* _PROBLEM TO SOLVE_
The answer should be every line below, repeated exactly, with the images left out.

-------- DATASET EXCERPTS

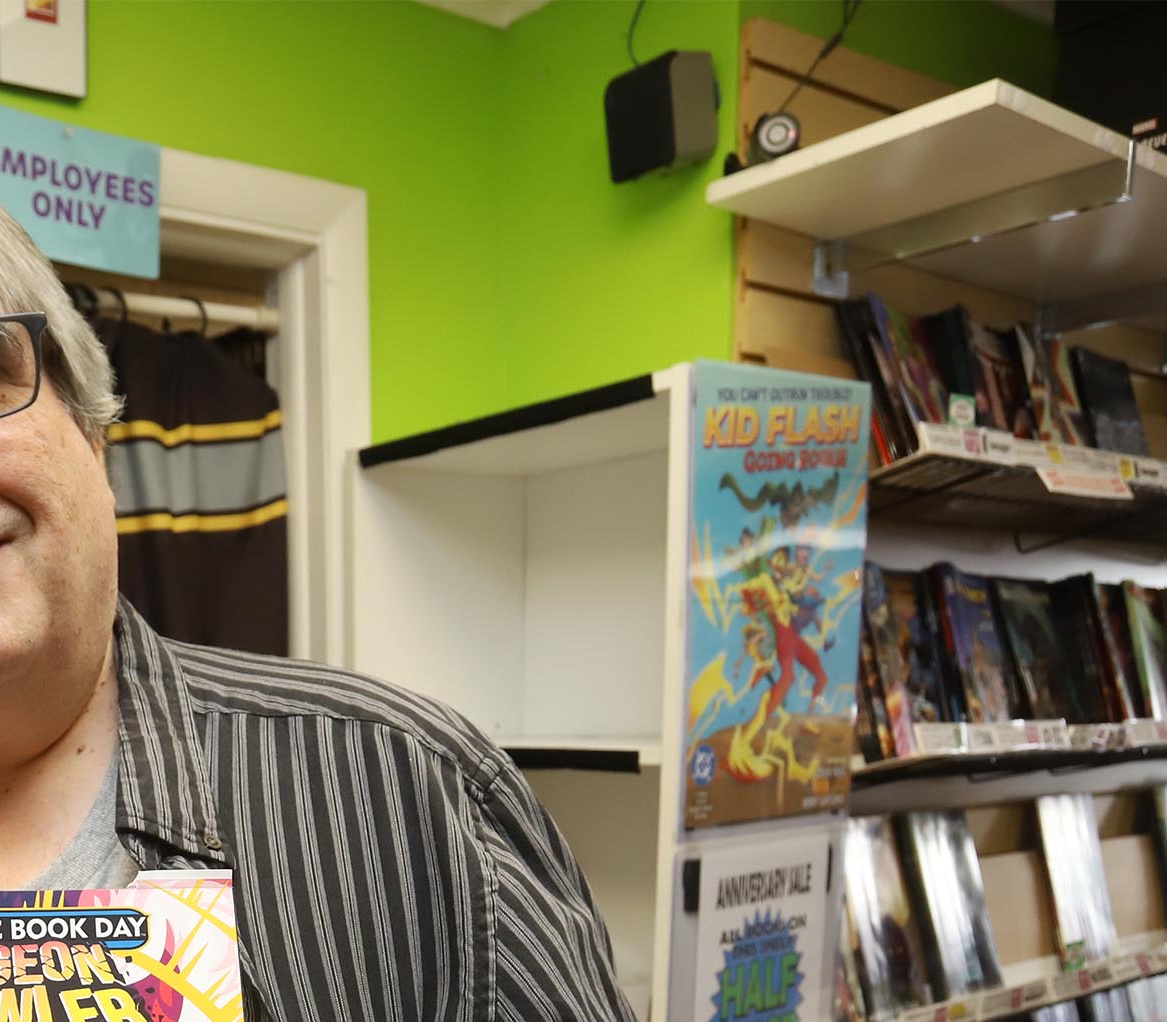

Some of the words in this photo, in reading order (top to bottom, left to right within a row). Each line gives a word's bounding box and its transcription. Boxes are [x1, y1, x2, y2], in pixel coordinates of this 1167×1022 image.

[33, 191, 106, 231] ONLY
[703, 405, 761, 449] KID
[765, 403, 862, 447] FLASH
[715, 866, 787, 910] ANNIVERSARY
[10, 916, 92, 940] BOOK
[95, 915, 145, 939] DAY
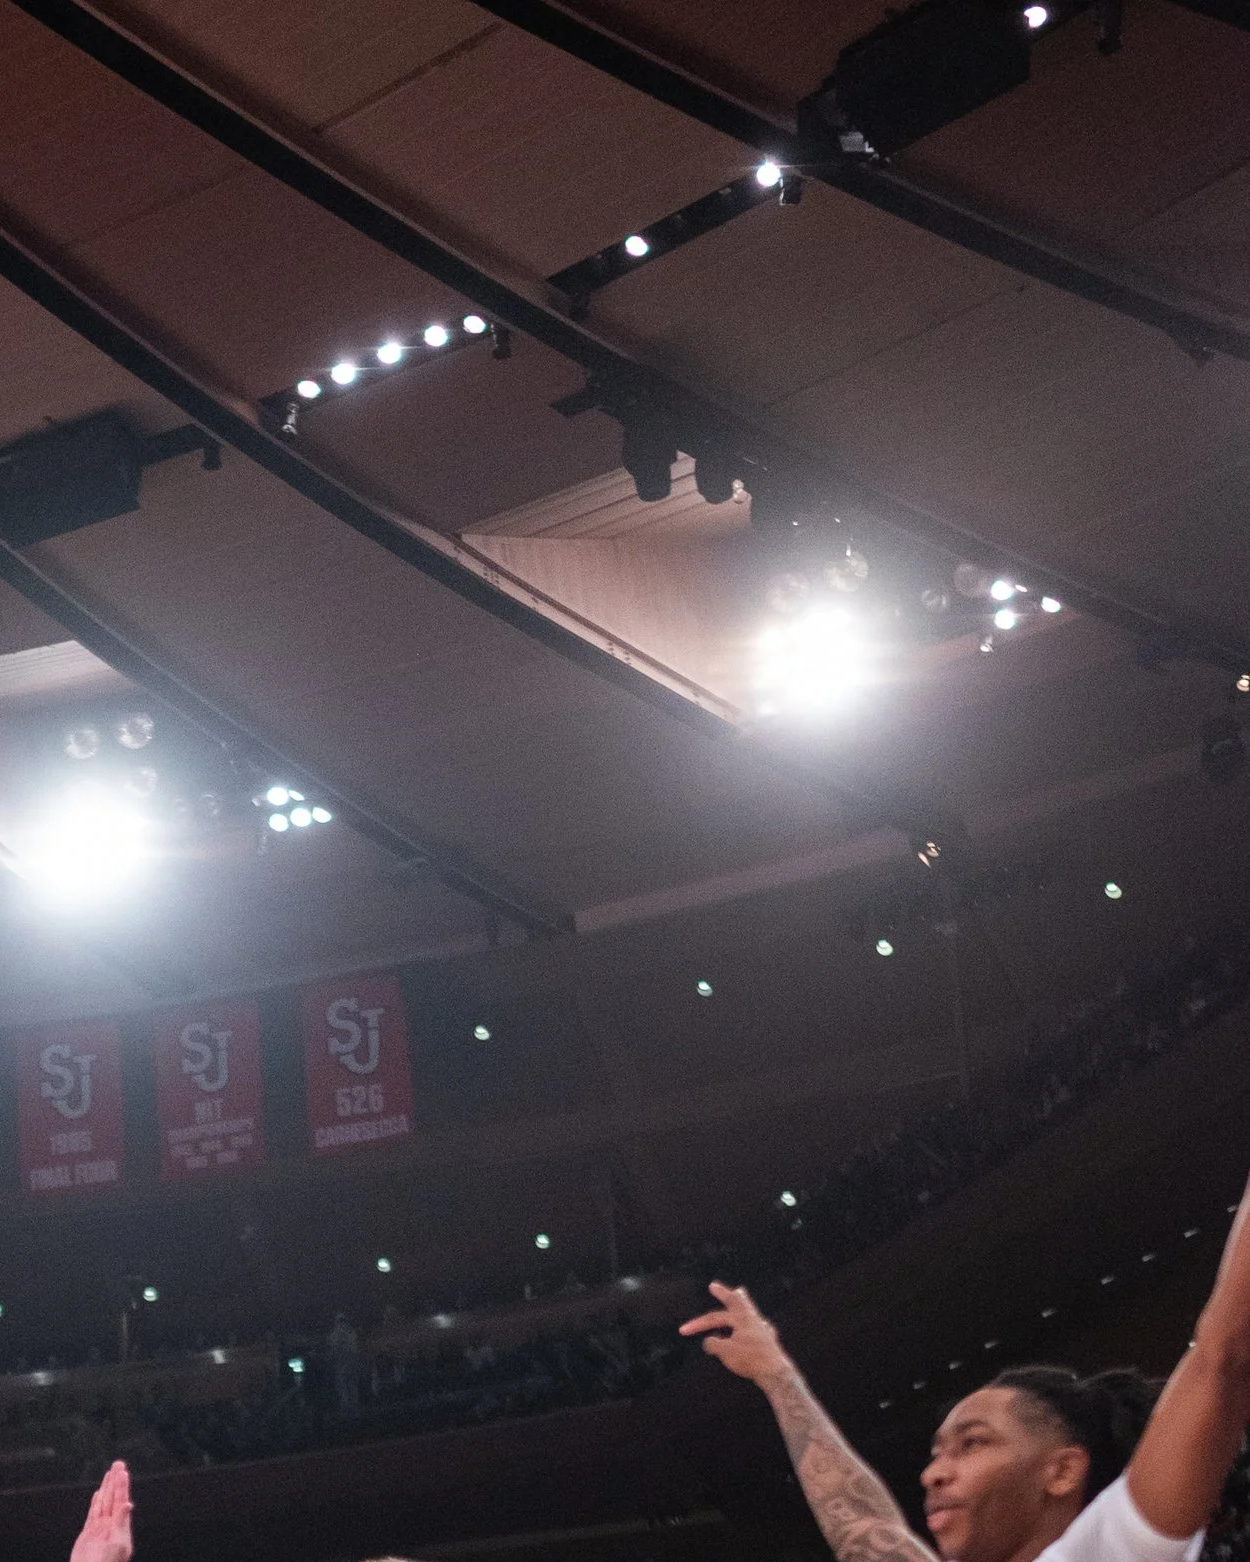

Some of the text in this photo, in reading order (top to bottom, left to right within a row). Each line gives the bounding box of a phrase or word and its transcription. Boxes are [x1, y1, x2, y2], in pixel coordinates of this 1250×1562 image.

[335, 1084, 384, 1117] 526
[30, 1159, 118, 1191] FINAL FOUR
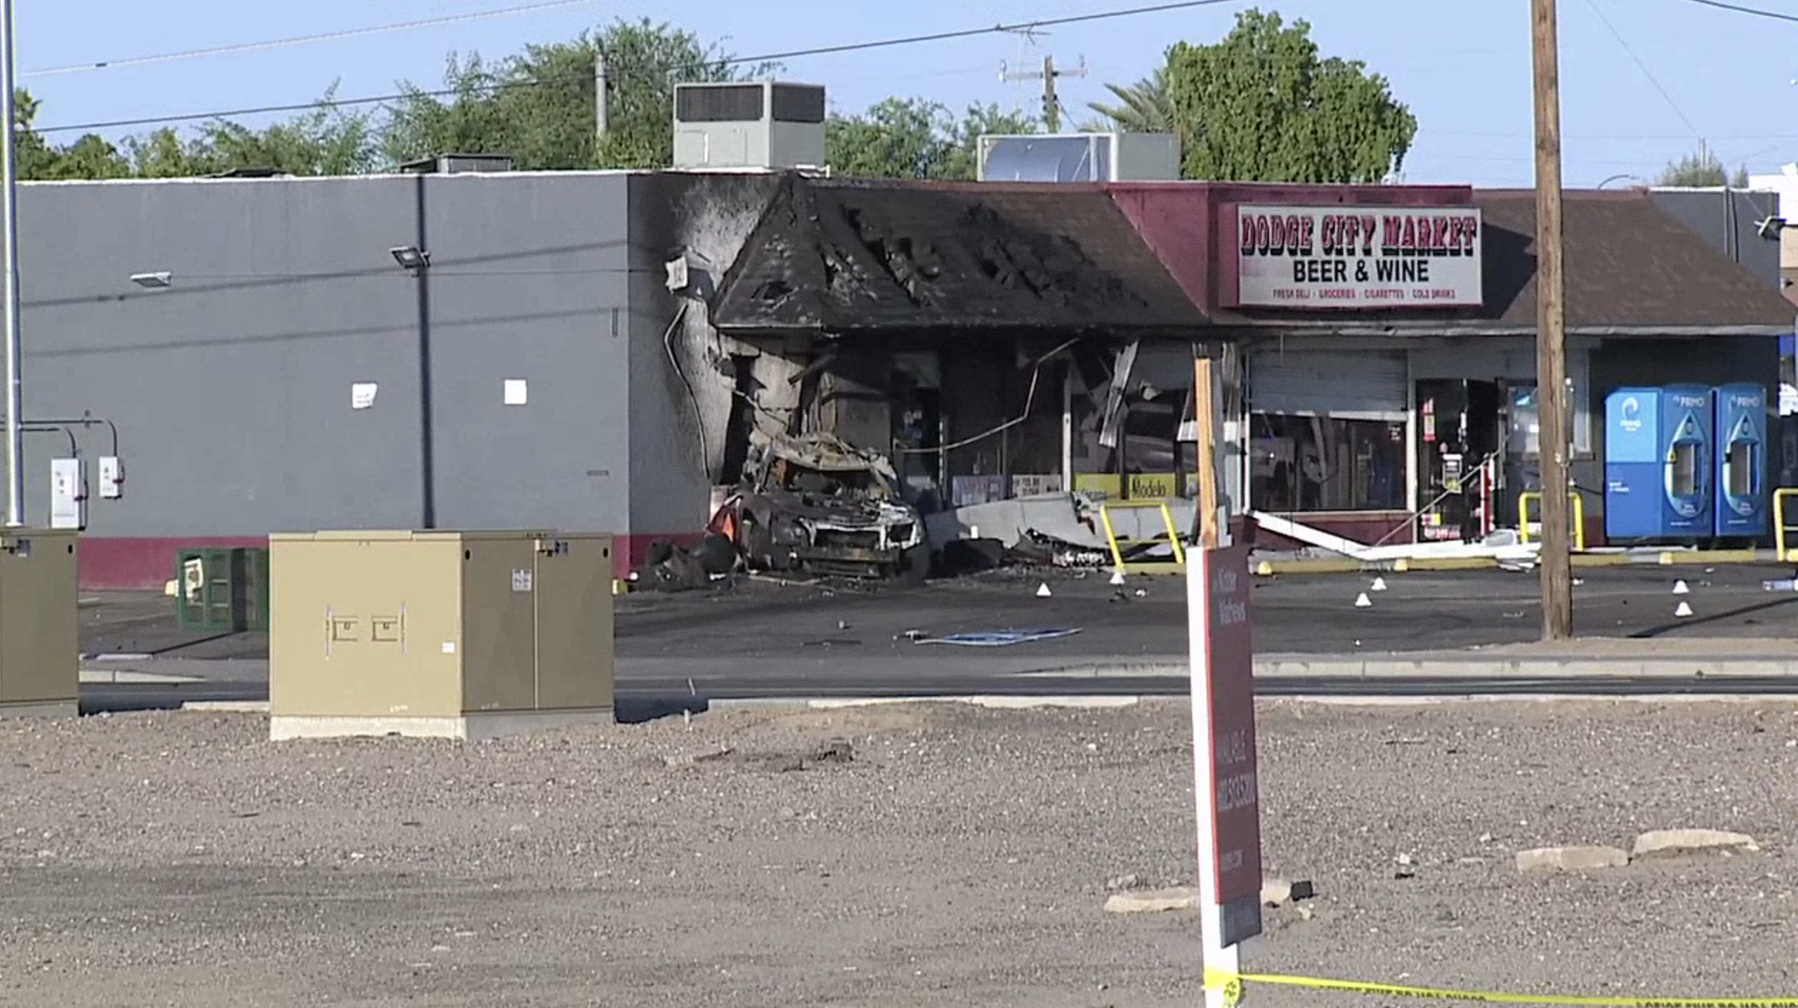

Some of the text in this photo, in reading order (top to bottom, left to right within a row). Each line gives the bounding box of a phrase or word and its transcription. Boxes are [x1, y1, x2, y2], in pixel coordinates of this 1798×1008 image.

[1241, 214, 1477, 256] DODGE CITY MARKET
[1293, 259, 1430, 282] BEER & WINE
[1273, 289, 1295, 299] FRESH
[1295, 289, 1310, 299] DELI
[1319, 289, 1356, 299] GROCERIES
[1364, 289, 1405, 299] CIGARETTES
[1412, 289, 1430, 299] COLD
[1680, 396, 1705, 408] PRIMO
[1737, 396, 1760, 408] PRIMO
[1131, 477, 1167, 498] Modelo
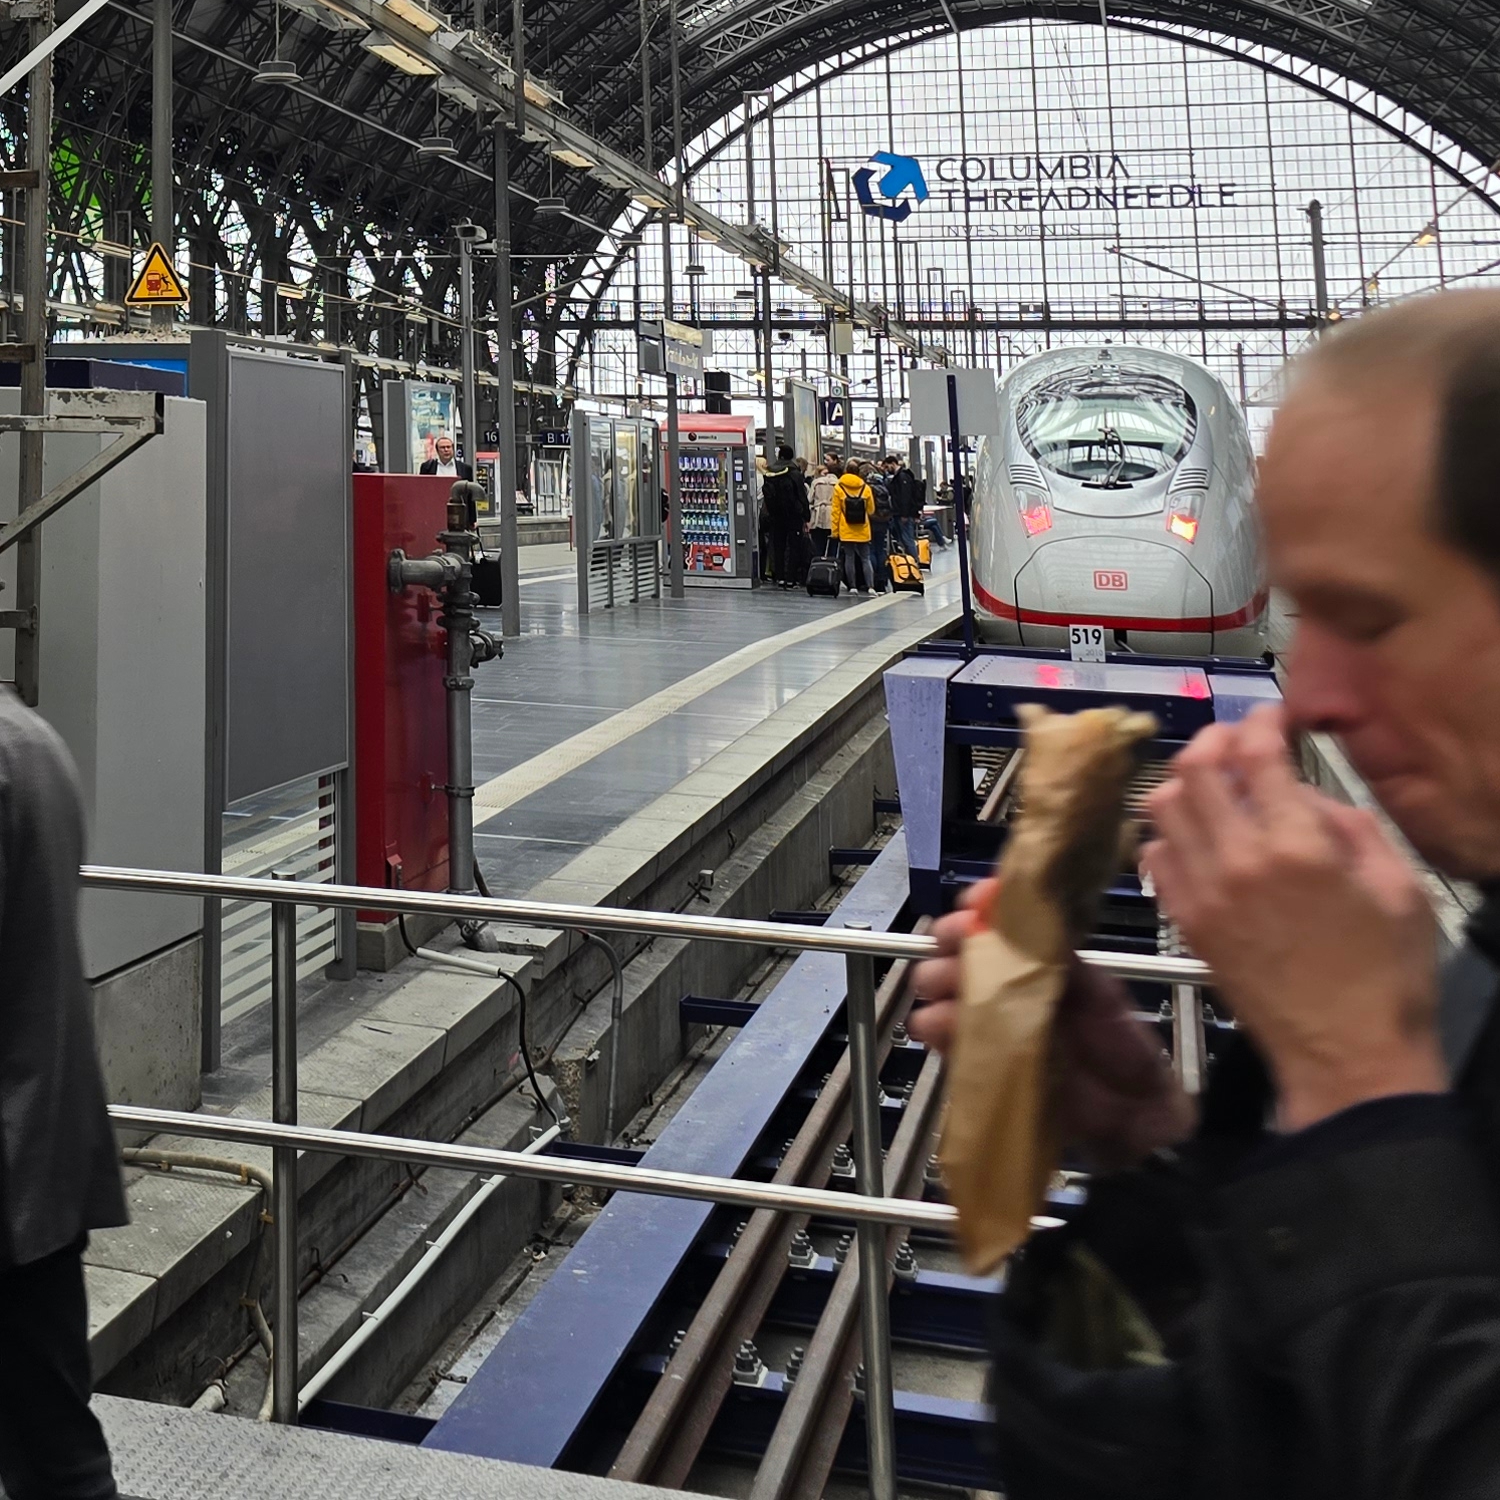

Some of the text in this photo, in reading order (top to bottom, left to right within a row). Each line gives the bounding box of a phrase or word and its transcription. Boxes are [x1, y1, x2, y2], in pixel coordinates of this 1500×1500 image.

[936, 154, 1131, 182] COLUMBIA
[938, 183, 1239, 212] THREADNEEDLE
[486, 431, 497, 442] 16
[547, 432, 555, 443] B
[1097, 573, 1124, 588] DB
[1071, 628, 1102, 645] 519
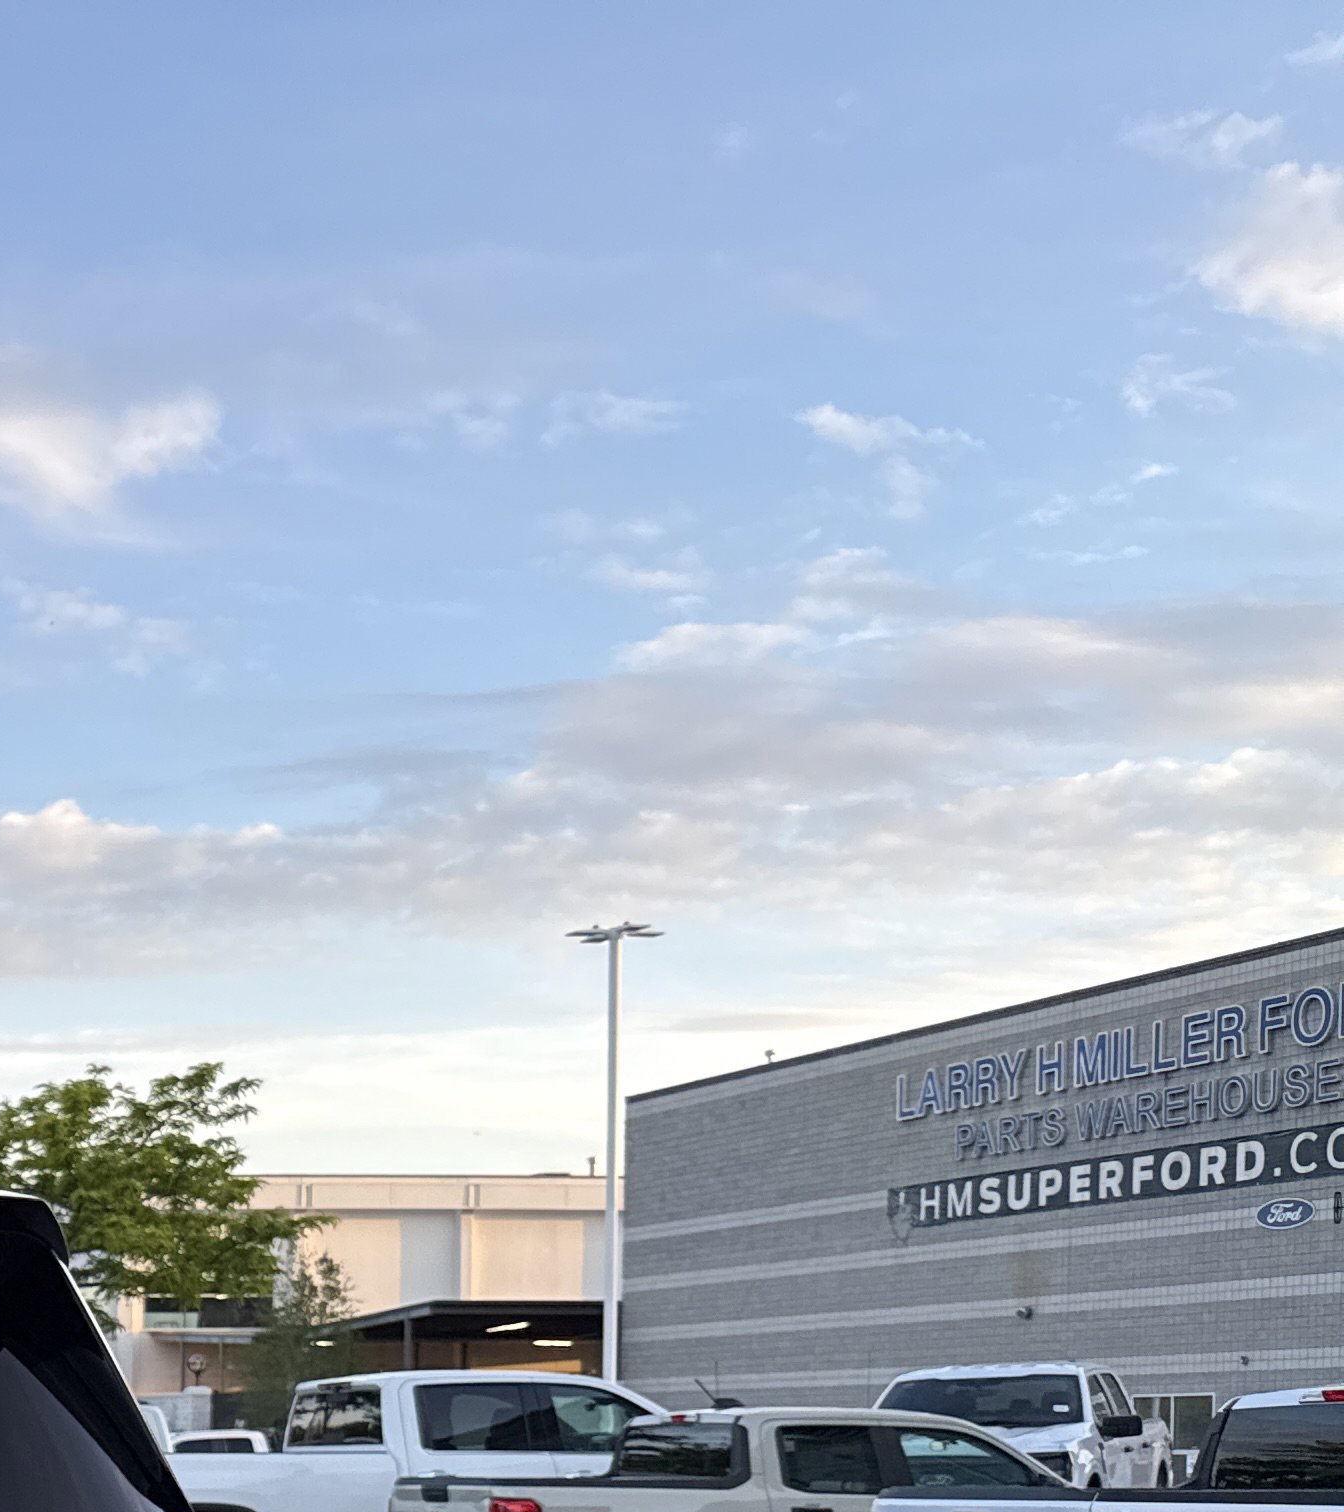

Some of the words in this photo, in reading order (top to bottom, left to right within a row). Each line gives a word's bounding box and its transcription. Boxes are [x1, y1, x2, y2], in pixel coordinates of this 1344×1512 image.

----------------

* _TASK ANSWER_
Some of the words in this photo, in reading order (top to bottom, left to right within a row). Each line gives a word's bounding box and its transcription. Boxes are [x1, y1, x2, y2], in pixel coordinates of this 1167×1022 image.

[33, 191, 106, 231] ONLY
[703, 405, 761, 449] KID
[765, 403, 862, 447] FLASH
[715, 866, 787, 910] ANNIVERSARY
[10, 916, 92, 940] BOOK
[95, 915, 145, 939] DAY

Some of the text in this photo, in reading order (top to bottom, left to right within a row). Each line gives the bounding box of a phrase or word and its transcription. Boxes are [x1, y1, x2, y2], in pixel coordinates of this 1250×1562 image.

[335, 1084, 384, 1117] 526
[30, 1159, 118, 1191] FINAL FOUR

Some of the text in this photo, in reading order (top to bottom, left to right within a row). Each line gives the bounding box of a phrase or word and its transcription. Boxes are [x1, y1, x2, y2], in pixel coordinates of this 1798×1008 image.

[1241, 214, 1477, 256] DODGE CITY MARKET
[1293, 259, 1430, 282] BEER & WINE
[1273, 289, 1295, 299] FRESH
[1295, 289, 1310, 299] DELI
[1319, 289, 1356, 299] GROCERIES
[1364, 289, 1405, 299] CIGARETTES
[1412, 289, 1430, 299] COLD
[1680, 396, 1705, 408] PRIMO
[1737, 396, 1760, 408] PRIMO
[1131, 477, 1167, 498] Modelo

Some of the text in this photo, in reading order (top to bottom, left to right within a row). Each line gives the bounding box of a phrase or word and its transcription. Boxes are [x1, y1, x2, y2], in pixel coordinates of this 1500×1500 image.

[936, 154, 1131, 182] COLUMBIA
[938, 183, 1239, 212] THREADNEEDLE
[486, 431, 497, 442] 16
[547, 432, 555, 443] B
[1097, 573, 1124, 588] DB
[1071, 628, 1102, 645] 519

Some of the words in this photo, in reading order (top to bottom, left to right within a row). Each line gives a word's bounding box and its transcription. Boxes are [x1, y1, x2, y2], in pixel coordinates of this 1344×1512 image.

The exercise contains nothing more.